Brief:
An exact copy of every entry is required, minus the pictures.

[Text-to-region grounding data]
____________

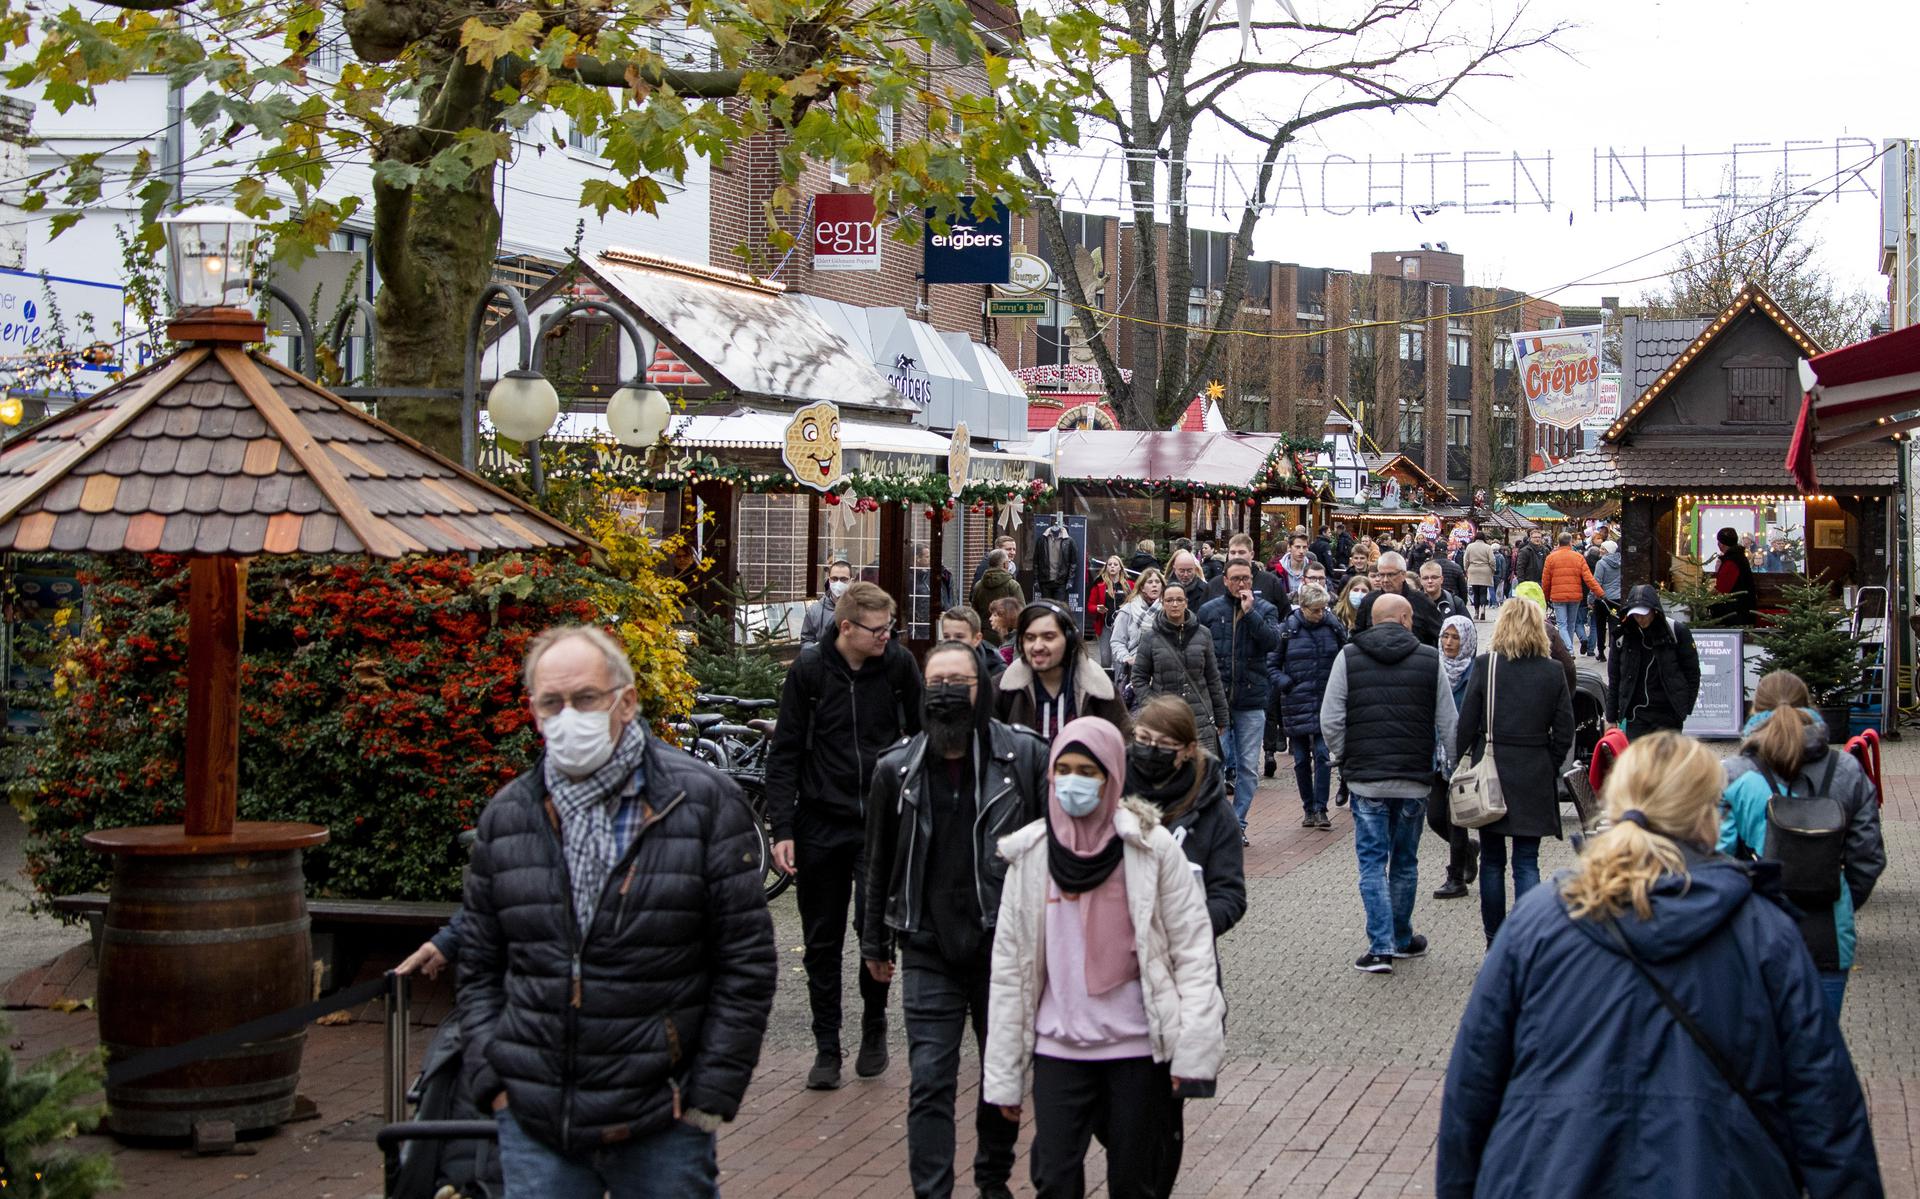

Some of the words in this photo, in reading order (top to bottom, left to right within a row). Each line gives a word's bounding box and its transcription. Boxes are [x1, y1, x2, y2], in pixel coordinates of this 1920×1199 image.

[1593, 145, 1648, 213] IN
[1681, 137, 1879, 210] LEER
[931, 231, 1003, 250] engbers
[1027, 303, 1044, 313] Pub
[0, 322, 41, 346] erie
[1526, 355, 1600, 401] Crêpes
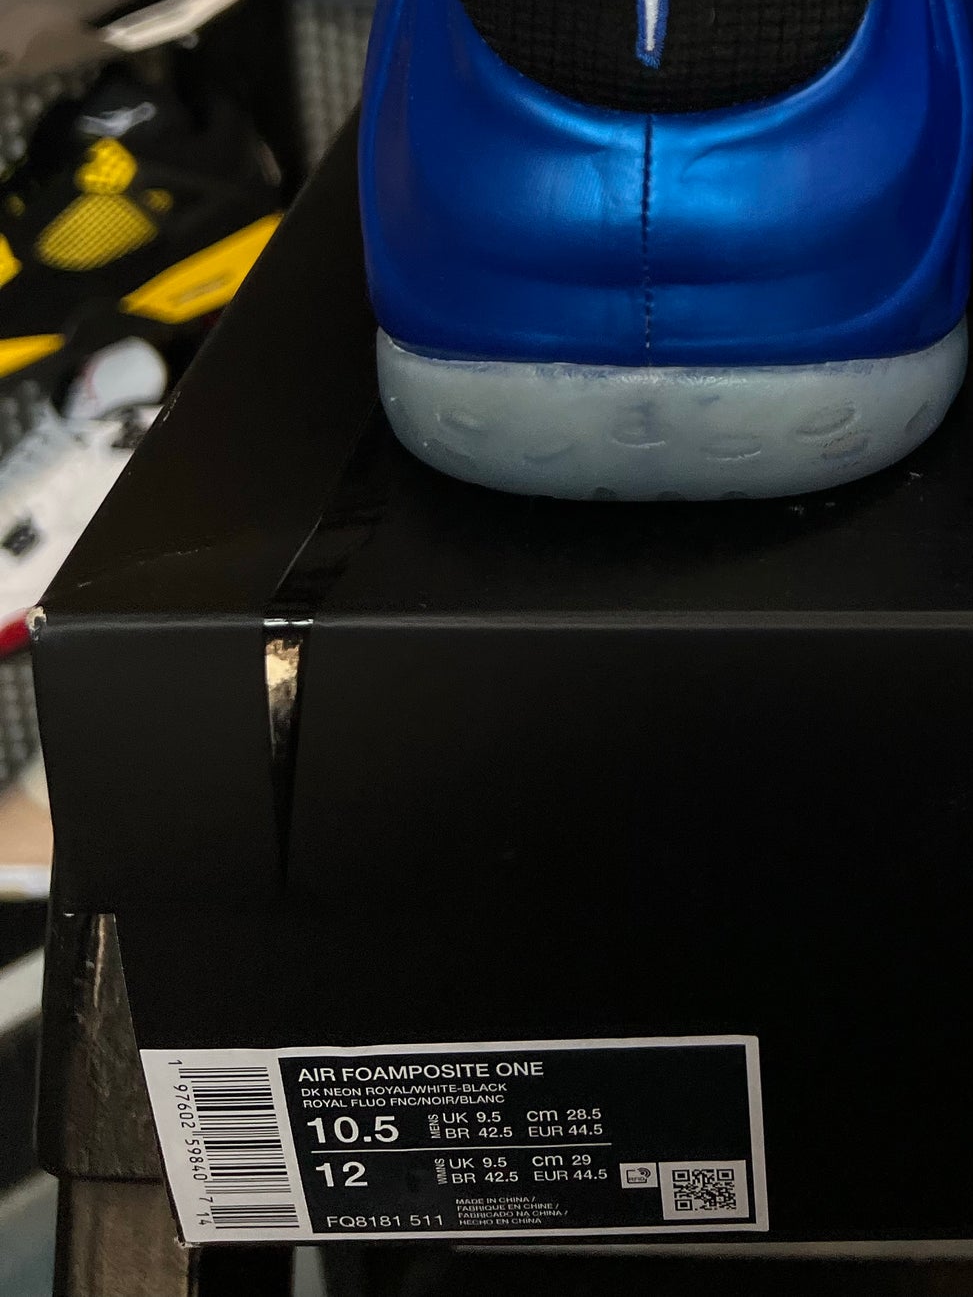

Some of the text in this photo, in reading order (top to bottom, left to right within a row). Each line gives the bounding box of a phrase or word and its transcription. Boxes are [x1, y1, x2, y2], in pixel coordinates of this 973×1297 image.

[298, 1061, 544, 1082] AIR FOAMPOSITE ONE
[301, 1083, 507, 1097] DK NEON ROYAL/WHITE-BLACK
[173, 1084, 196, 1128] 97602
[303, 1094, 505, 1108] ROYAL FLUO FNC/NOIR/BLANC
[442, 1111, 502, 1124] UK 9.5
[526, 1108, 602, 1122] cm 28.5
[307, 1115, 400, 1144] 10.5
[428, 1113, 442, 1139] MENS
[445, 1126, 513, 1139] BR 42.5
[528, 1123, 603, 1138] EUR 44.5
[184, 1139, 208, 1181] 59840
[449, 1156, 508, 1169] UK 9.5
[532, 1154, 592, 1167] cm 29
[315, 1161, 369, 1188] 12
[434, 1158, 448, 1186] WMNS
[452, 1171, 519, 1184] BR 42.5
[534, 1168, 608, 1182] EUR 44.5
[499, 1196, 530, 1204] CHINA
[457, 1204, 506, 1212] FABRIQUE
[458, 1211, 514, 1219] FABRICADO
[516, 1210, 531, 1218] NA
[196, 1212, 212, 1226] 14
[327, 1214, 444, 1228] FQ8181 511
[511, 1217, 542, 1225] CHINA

____________

Output for this task:
Some of the words in this photo, in reading order (top to bottom, left to right within a row). Each line gives a word's bounding box and its transcription. Boxes are [x1, y1, x2, y2], in pixel coordinates of this 1920×1199 image.

[1593, 145, 1648, 213] IN
[1681, 137, 1879, 210] LEER
[931, 231, 1003, 250] engbers
[1027, 303, 1044, 313] Pub
[0, 322, 41, 346] erie
[1526, 355, 1600, 401] Crêpes

Some of the text in this photo, in reading order (top to bottom, left to right within a row). Each line gives the bounding box of a phrase or word and its transcription. Boxes are [x1, y1, x2, y2], in pixel coordinates of this 973×1297 image.

[298, 1061, 544, 1082] AIR FOAMPOSITE ONE
[301, 1083, 507, 1097] DK NEON ROYAL/WHITE-BLACK
[173, 1084, 196, 1128] 97602
[303, 1094, 505, 1108] ROYAL FLUO FNC/NOIR/BLANC
[442, 1111, 502, 1124] UK 9.5
[526, 1108, 602, 1122] cm 28.5
[307, 1115, 400, 1144] 10.5
[428, 1113, 442, 1139] MENS
[445, 1126, 513, 1139] BR 42.5
[528, 1123, 603, 1138] EUR 44.5
[184, 1139, 208, 1181] 59840
[449, 1156, 508, 1169] UK 9.5
[532, 1154, 592, 1167] cm 29
[315, 1161, 369, 1188] 12
[434, 1158, 448, 1186] WMNS
[452, 1171, 519, 1184] BR 42.5
[534, 1168, 608, 1182] EUR 44.5
[499, 1196, 530, 1204] CHINA
[457, 1204, 506, 1212] FABRIQUE
[458, 1211, 514, 1219] FABRICADO
[516, 1210, 531, 1218] NA
[196, 1212, 212, 1226] 14
[327, 1214, 444, 1228] FQ8181 511
[511, 1217, 542, 1225] CHINA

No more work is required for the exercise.